Vemos pues que el deseo expectante de desear una afirmación, una revalorización de mí, y la
sensación de sentirme constantemente amenazado eso ya no es simplemente una emoción de miedo,
temor o protesta, sino que se convierte en un estado emocional.
La emoción es una reacción de descarga ante una situación, es algo que se produce en un momento
determinado, pero si lo que produce la reacción es algo que permanece (o se vive como si permaneciera),
entonces lo que se crea es un estado de malestar, de angustia, un estado negativo que, como todos ellos,
está basado en la constante comparación o contrastación entre lo que yo quiero o pretendo
imaginativamente llegar a ser y lo que el mundo me está concediendo, o del modo en que me valora.
Siempre se trata de una valoración de presente-futuro.

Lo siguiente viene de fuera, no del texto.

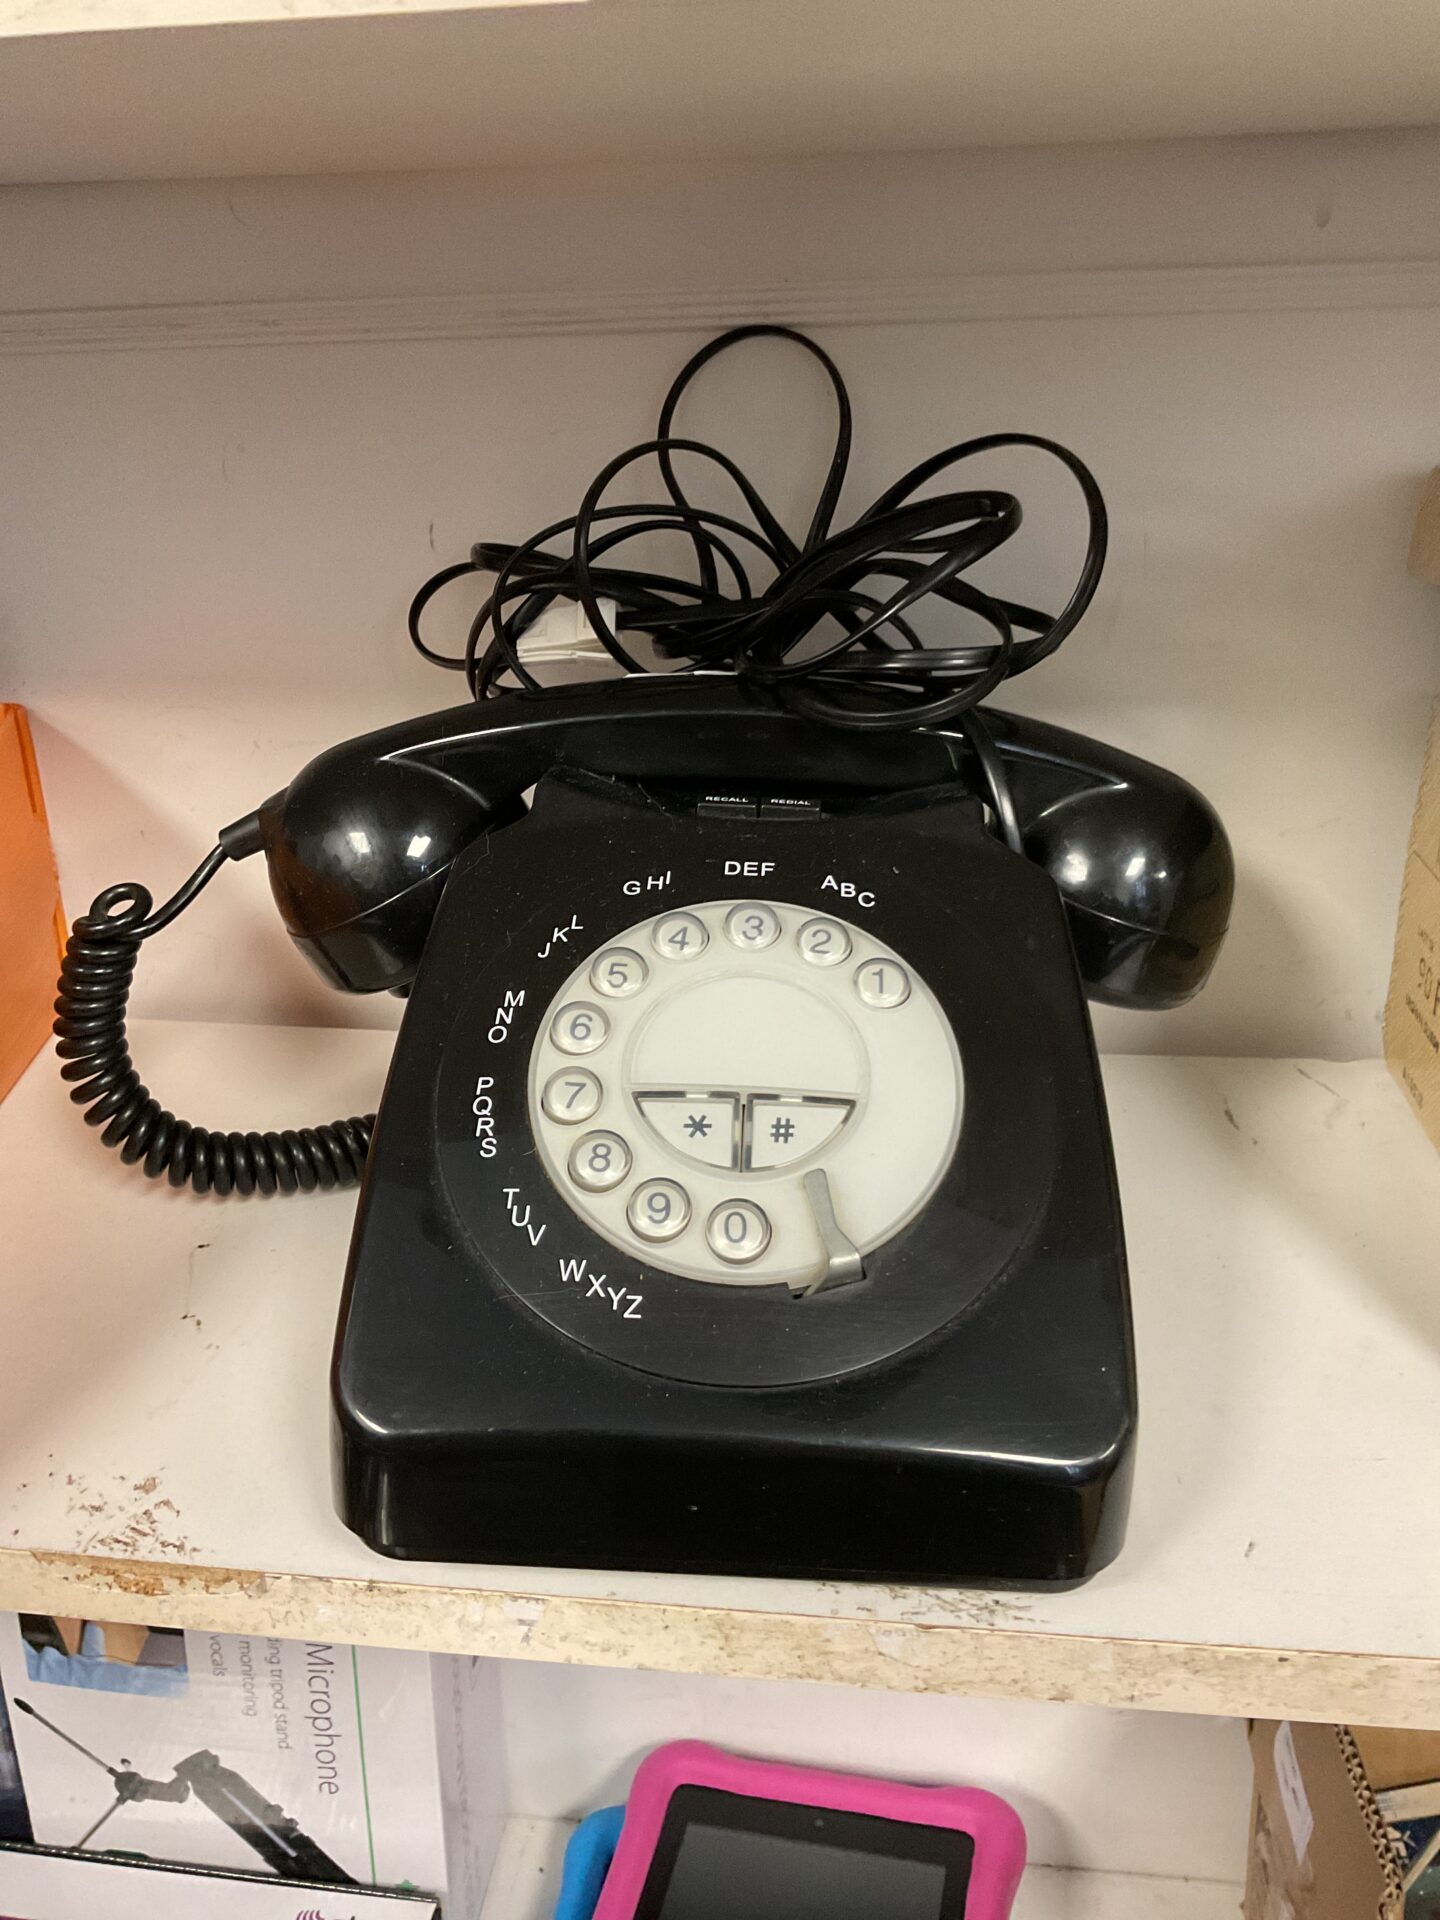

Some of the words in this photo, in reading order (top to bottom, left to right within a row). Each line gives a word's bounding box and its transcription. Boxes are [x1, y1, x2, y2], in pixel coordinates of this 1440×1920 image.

[770, 798, 811, 806] REDIAL
[622, 870, 671, 896] GHI
[724, 860, 776, 877] DEF
[820, 874, 876, 908] ABC
[537, 914, 584, 959] JKL
[667, 926, 690, 950] 4
[743, 915, 765, 940] 3
[810, 929, 832, 955] 2
[606, 962, 628, 989] 5
[871, 968, 887, 995] 1
[487, 989, 526, 1044] MNO
[568, 1013, 593, 1041] 6
[563, 1081, 587, 1109] 7
[472, 1076, 498, 1158] PQRS
[588, 1142, 613, 1173] 8
[502, 1188, 547, 1246] TUV
[646, 1192, 672, 1225] 9
[559, 1258, 643, 1319] WXYZ
[209, 1635, 228, 1677] vocals
[240, 1640, 259, 1717] monitoring
[269, 1668, 289, 1710] tripod
[274, 1713, 293, 1750] stand
[304, 1643, 342, 1794] Microphone
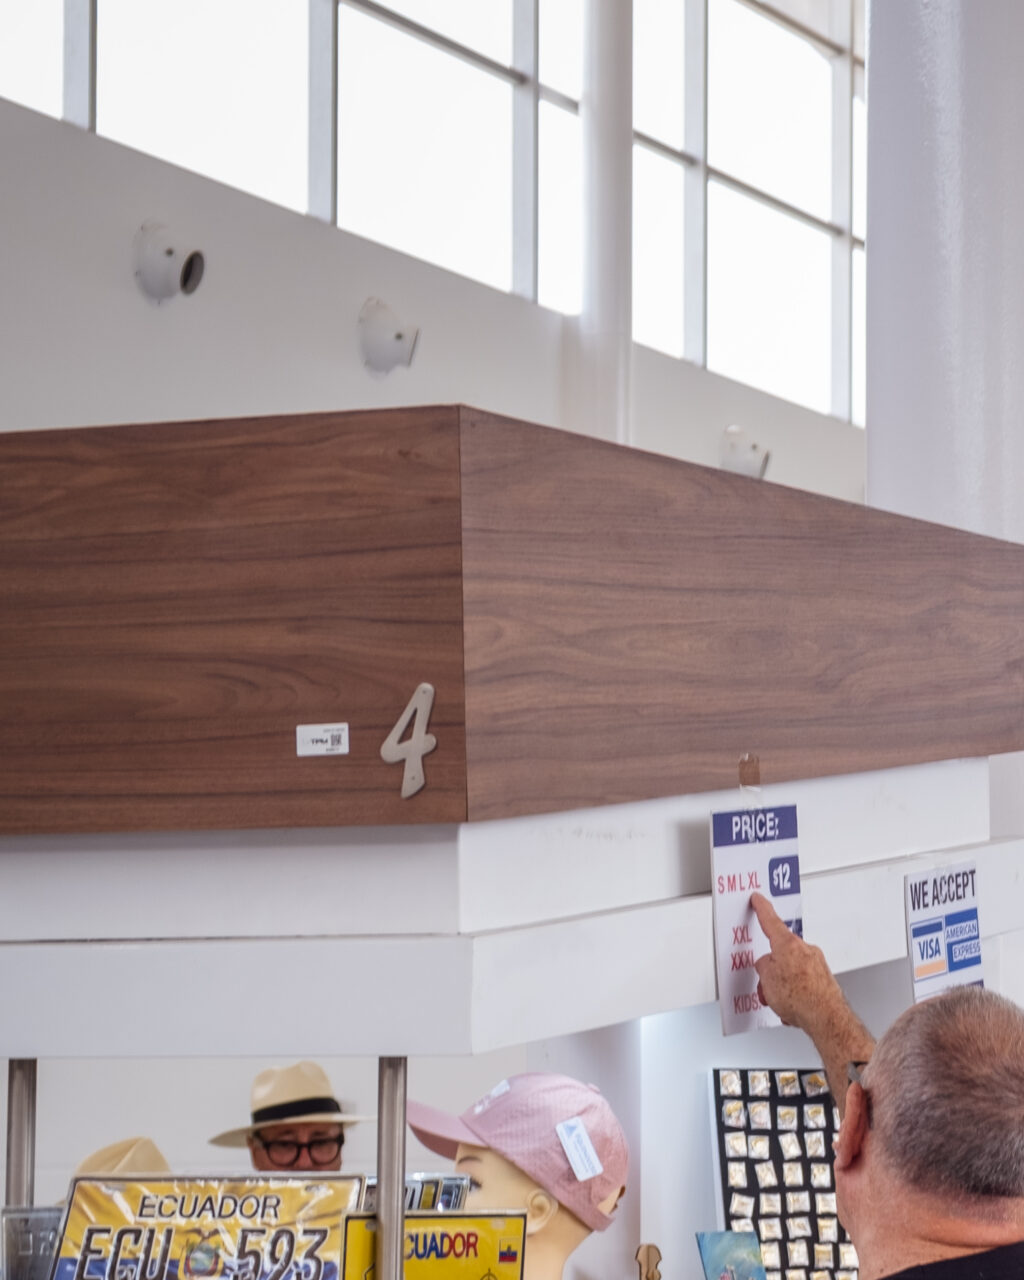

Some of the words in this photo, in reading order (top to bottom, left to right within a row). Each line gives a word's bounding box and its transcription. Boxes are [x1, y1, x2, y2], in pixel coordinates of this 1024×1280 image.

[380, 682, 437, 799] 4
[718, 874, 725, 894] S
[727, 873, 737, 893] M
[739, 872, 746, 891] L
[748, 871, 762, 889] XL
[772, 862, 792, 891] $12
[910, 880, 929, 911] WE
[932, 868, 976, 907] ACCEPT
[732, 924, 753, 944] XXL
[946, 921, 977, 940] AMERICAN
[918, 937, 941, 961] VISA
[953, 941, 981, 959] EXPRESS
[138, 1194, 281, 1220] ECUADOR
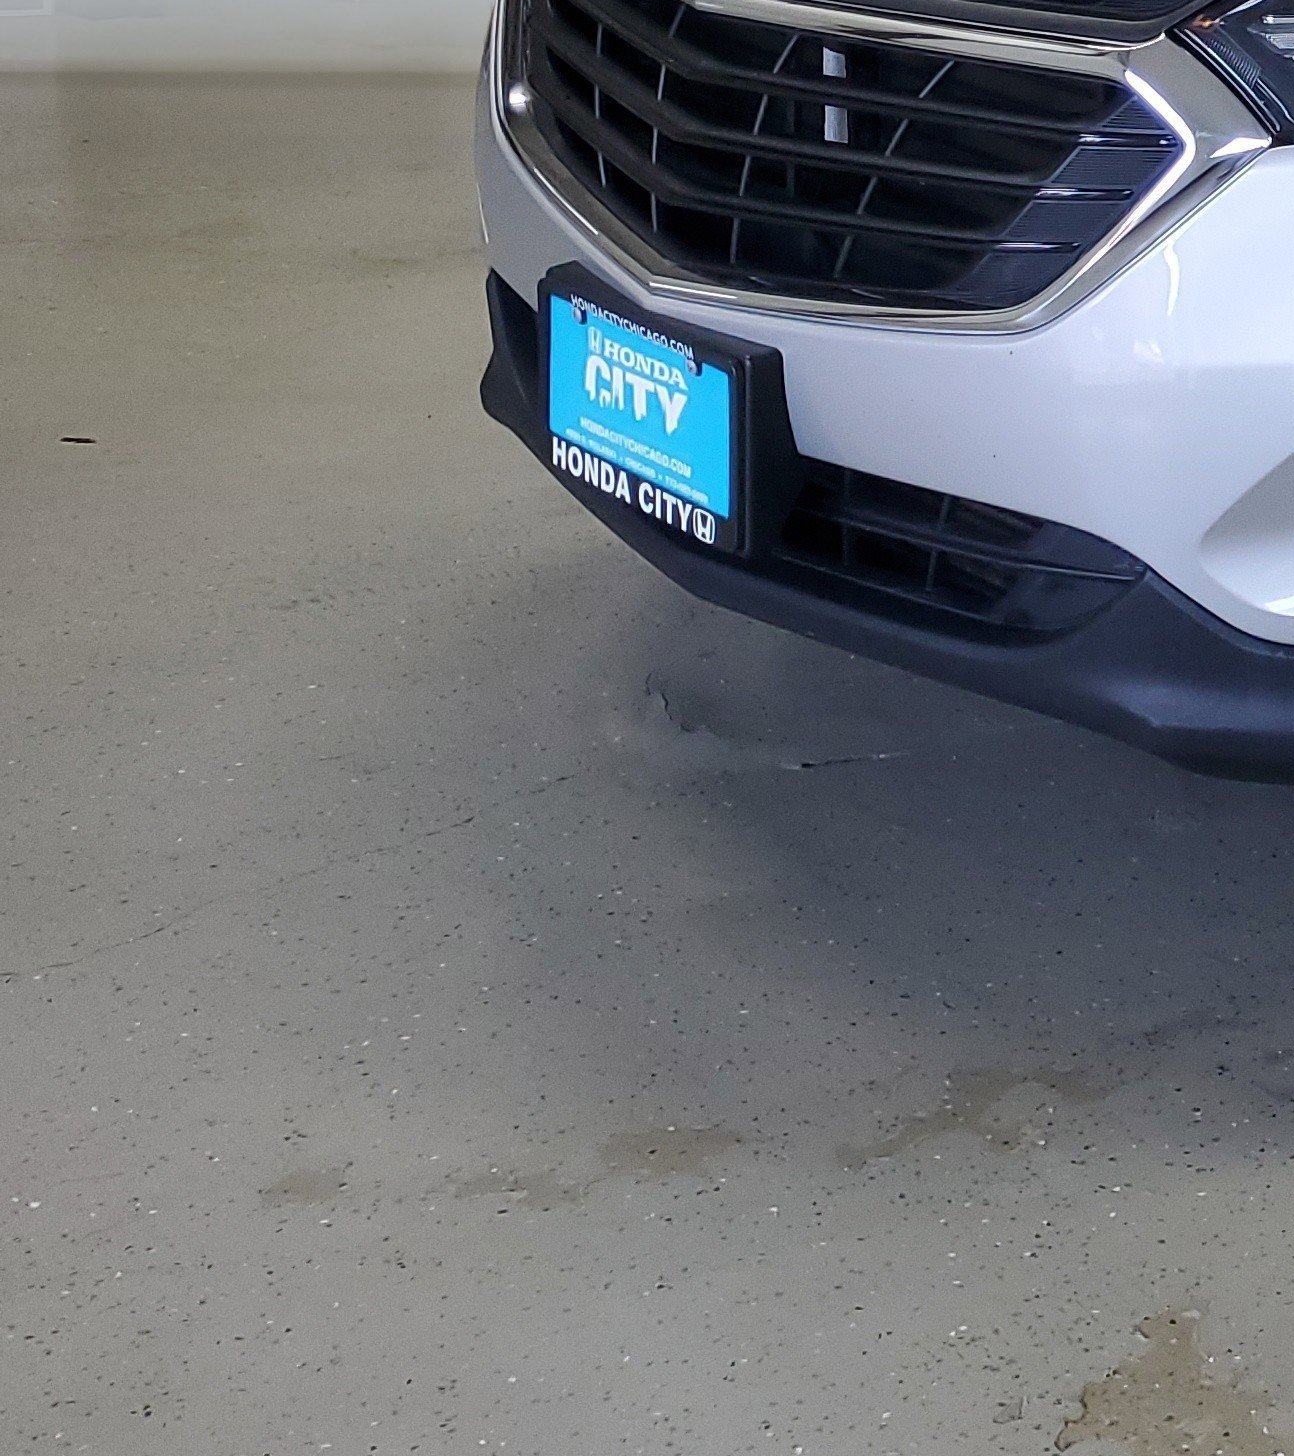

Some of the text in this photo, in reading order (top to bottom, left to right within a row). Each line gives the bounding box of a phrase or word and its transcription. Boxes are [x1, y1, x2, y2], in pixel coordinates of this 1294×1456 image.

[569, 293, 696, 361] HONDACITYCHICAGO.COM
[603, 337, 689, 392] HONDA
[584, 354, 689, 437] CITY
[552, 435, 632, 506] HONDA
[638, 481, 694, 533] CITY
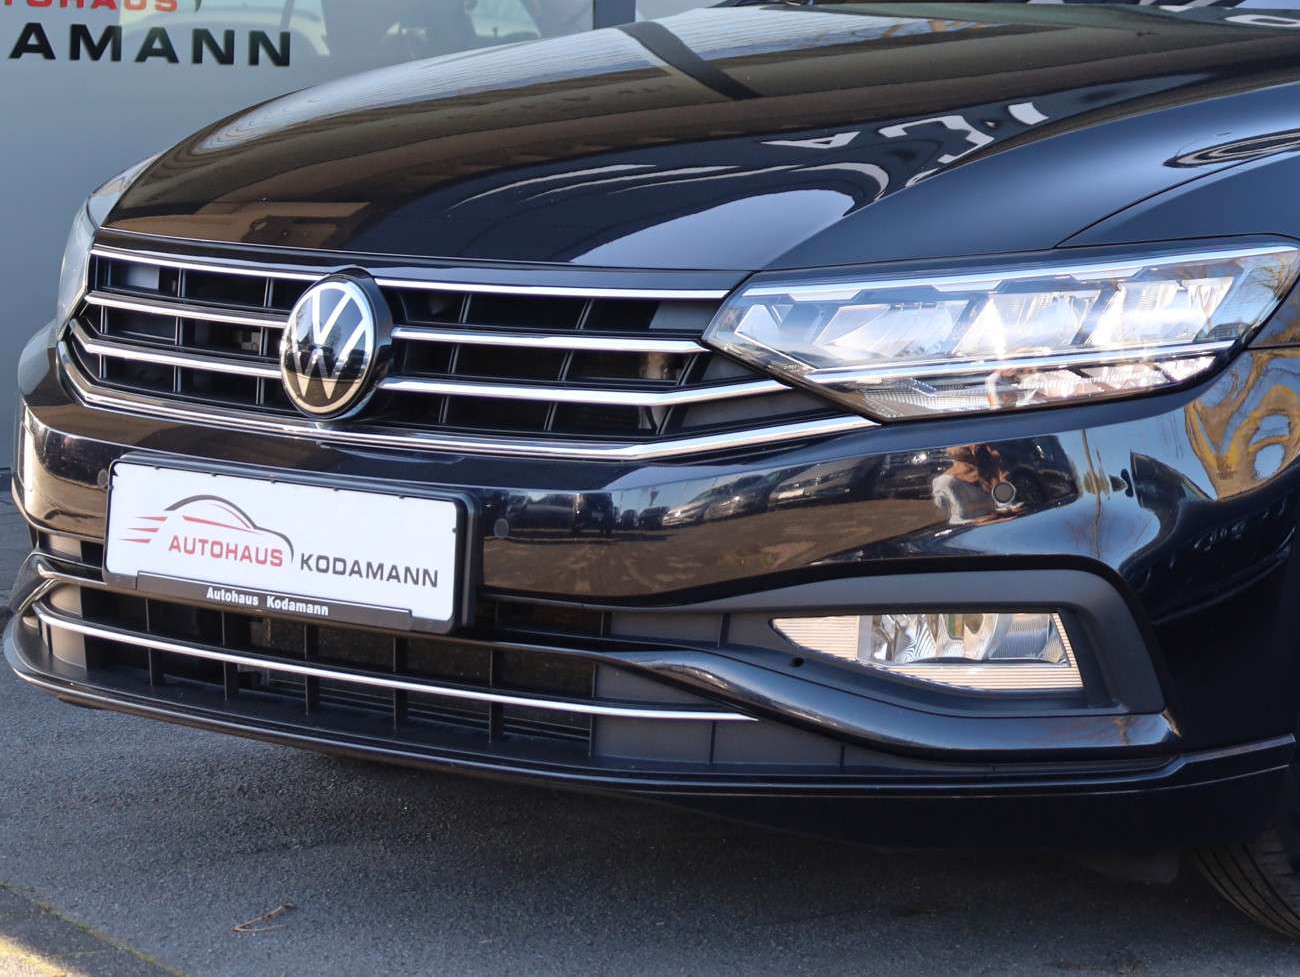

Hay que resolver el problema de los estados negativos. Y no es distrayéndose, no es huyendo de la
situación, aunque pueda ser correcto «distraerse» en un momento de gran ansiedad o gran preocupación
(para dar descanso a la tensión interior), pero eso nunca ha solucionado nada, eso es simplemente un
alivio momentáneo.
Tampoco la medicina puede solucionar a fondo el problema, pues aunque proceda a anestesiar las vías
a través de las cuales registramos la ansiedad, esto no resuelve nada; simplemente soluciona el malestar,
pero no el problema. La solución está en eliminar las causas. ¿Por qué vivo la situación de un modo
negativo? Porque no me siento fuerte, sólido, no me siento con un valor real, y espero llegar a ser fuerte,
a tener este valor. Y porque estoy «colgado» de este futuro, vivo el presente como una especie de
denuncia constante a mi inseguridad, a mi debilidad. Sólo desarrollando y reforzando mi capacidad de ser,
desarrollando mis energías a partir de mi valoración real, en presente, de mí, sólo así eliminaré las causas
de toda comparación, -dualidad que es el elemento básico de toda debilidad-, sólo así eliminaré todo lo
que sean estados negativos y esa vulnerabilidad que tanto hace sufrir.